== How to complete this task ==
Starting with the line that contains "Some of the text", copy out each line through the end of the entries below, exactly as written, and nothing else.

■ ■ ■ ■ ■ ■ ■

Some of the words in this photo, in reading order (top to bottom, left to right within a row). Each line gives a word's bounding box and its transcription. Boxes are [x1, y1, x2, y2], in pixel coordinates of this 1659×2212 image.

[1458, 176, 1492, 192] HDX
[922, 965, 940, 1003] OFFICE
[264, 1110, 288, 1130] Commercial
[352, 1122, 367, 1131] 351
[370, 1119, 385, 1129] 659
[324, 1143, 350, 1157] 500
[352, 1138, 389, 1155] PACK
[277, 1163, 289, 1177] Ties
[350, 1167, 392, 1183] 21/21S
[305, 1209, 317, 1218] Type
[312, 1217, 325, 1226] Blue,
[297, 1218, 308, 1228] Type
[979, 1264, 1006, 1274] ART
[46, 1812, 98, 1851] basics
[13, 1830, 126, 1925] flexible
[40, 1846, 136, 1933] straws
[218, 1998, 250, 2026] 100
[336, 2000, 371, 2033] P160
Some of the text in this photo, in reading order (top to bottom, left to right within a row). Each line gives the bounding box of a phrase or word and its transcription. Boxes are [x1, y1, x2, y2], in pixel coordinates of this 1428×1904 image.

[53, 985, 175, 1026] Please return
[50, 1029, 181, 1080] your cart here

■ ■ ■ ■ ■ ■ ■

== Result of this exercise ==
Some of the text in this photo, in reading order (top to bottom, left to right within a row). Each line gives the bounding box of a phrase or word and its transcription. Boxes are [x1, y1, x2, y2], in pixel coordinates of this 1428×1904 image.

[53, 985, 175, 1026] Please return
[50, 1029, 181, 1080] your cart here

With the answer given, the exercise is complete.